SOC 2 Type 1 and SOC 2 Type 2 are closely related audit standards, but they serve distinct purposes and should not be used interchangeably.

A SOC 2 Type 1 report examines whether a company’s controls are appropriately designed and in place as of a specific date—it is a “snapshot” assessment taken at a single point in time. This means the audit evaluates the existence and design of relevant security, confidentiality, and availability controls, but it does not review how well those controls are maintained or operated over an extended period.

In contrast, a SOC 2 Type 2 report takes a deeper approach by assessing not only whether controls are effectively designed but also whether they are operating as intended over a sustained period, typically spanning several months. The Type 2 audit provides evidence that the controls are consistently followed and remain effective through real-world service operations, rather than just at a single audit date.

Understanding this distinction is important: Type 1 demonstrates initial control design and implementation, while Type 2 demonstrates ongoing operational effectiveness across an audit window.

Harmony’s current completed report is Type 1.

What the report proves

The report confirms that:

  • Harmony completed an independent SOC 2 Type 1 audit.
  • The report is dated March 15, 2026.
  • The audited entity is Harmony Global Inc.
  • The report covers Security, Confidentiality, and Availability.
  • The audit evaluated controls at a point in time.

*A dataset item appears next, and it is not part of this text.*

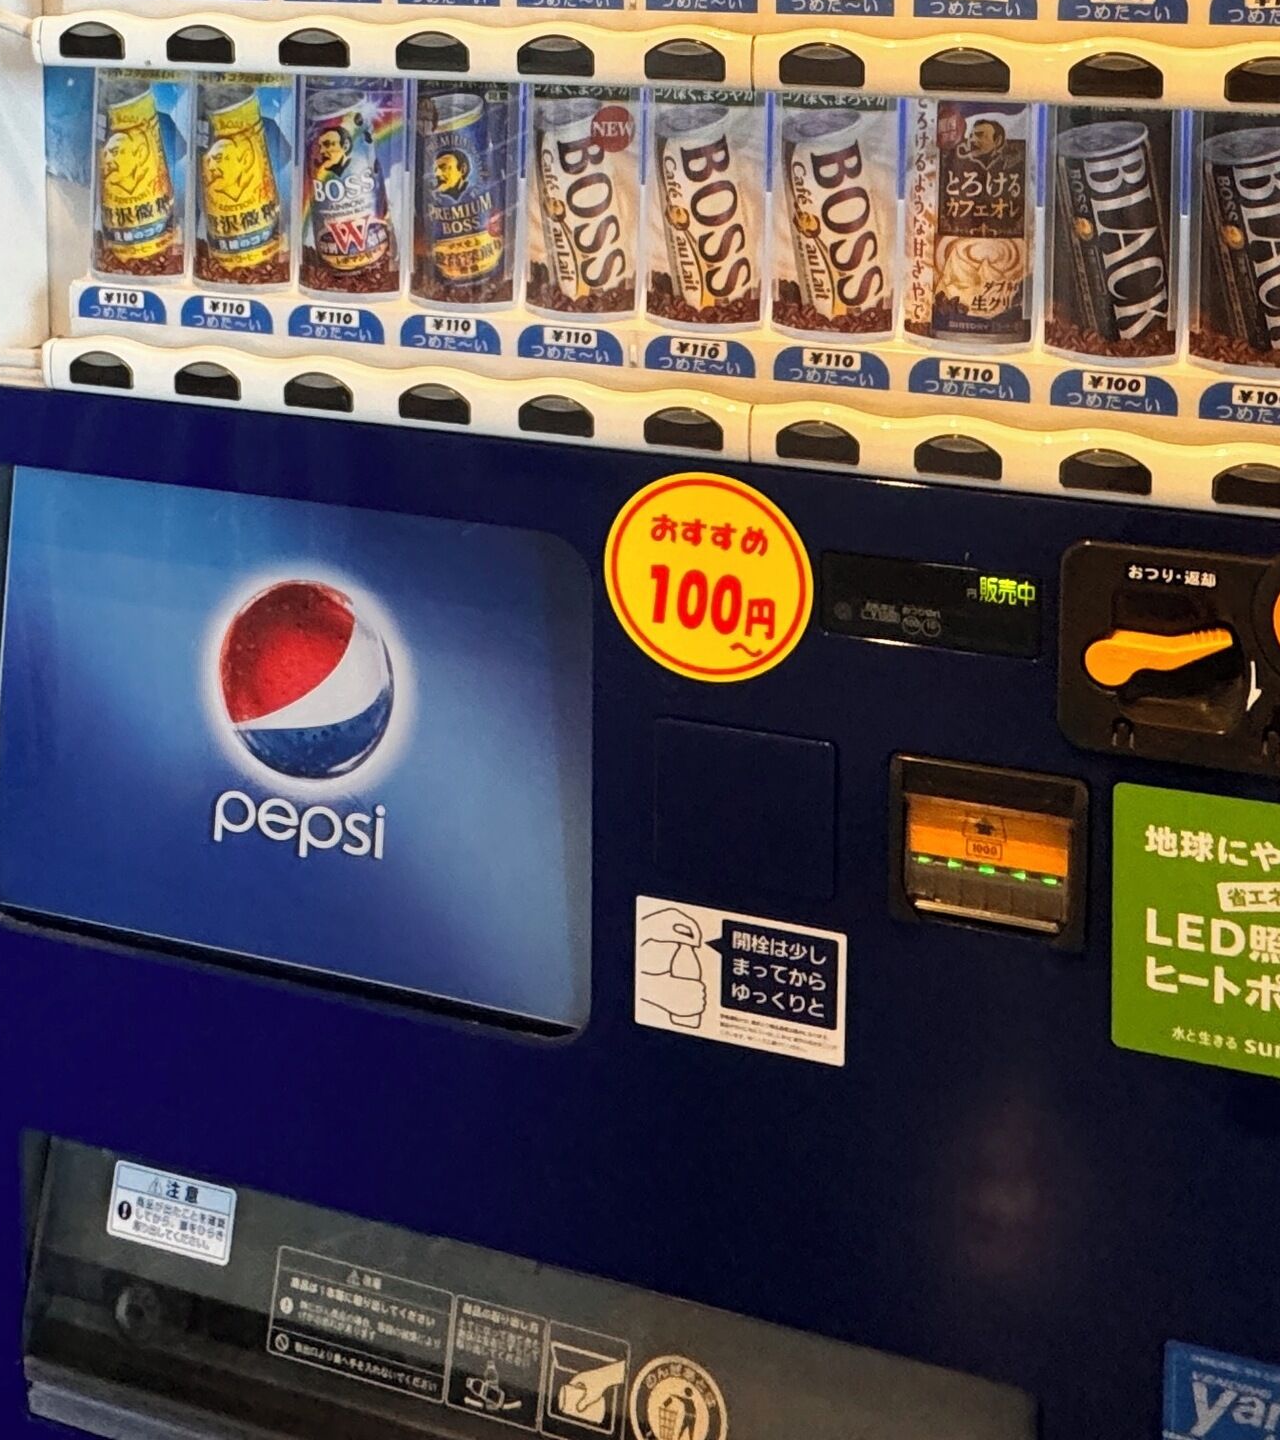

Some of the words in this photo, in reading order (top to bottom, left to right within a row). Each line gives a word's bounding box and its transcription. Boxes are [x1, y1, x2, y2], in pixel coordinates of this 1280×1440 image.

The report does not prove that Harmony has completed SOC 2 Type 2, is ISO 27001 certified, is HIPAA certified, or that every customer deployment has identical configuration, retention, integrations, permissions, or data residency.

Requesting the report

Customers who need the SOC 2 Type 1 report for vendor review should request it through their Harmony account team or the security contact used for vendor-security requests. SOC 2 reports are usually shared under appropriate confidentiality terms rather than published openly.

Other compliance questions

SOC 2 is separate from GDPR, HIPAA, ISO 27001, AI provider retention, and data residency. Answer those questions from the current privacy policy, data processing agreement, contract, and security documentation rather than inferring them from SOC 2.

Use precise wording such as:

  • "Harmony has completed SOC 2 Type 1."
  • "Harmony’s SOC 2 Type 1 report is dated March 15, 2026."
  • "The report covers Security, Confidentiality, and Availability."

Avoid unverified claims such as:

  • "SOC 2 Type 2 certified."
  • "ISO 27001 certified."
  • "HIPAA compliant."
  • "Fully GDPR compliant" without linking to the current legal basis and DPA.
  • "All data stays in the EU."
  • "No data ever leaves customer infrastructure."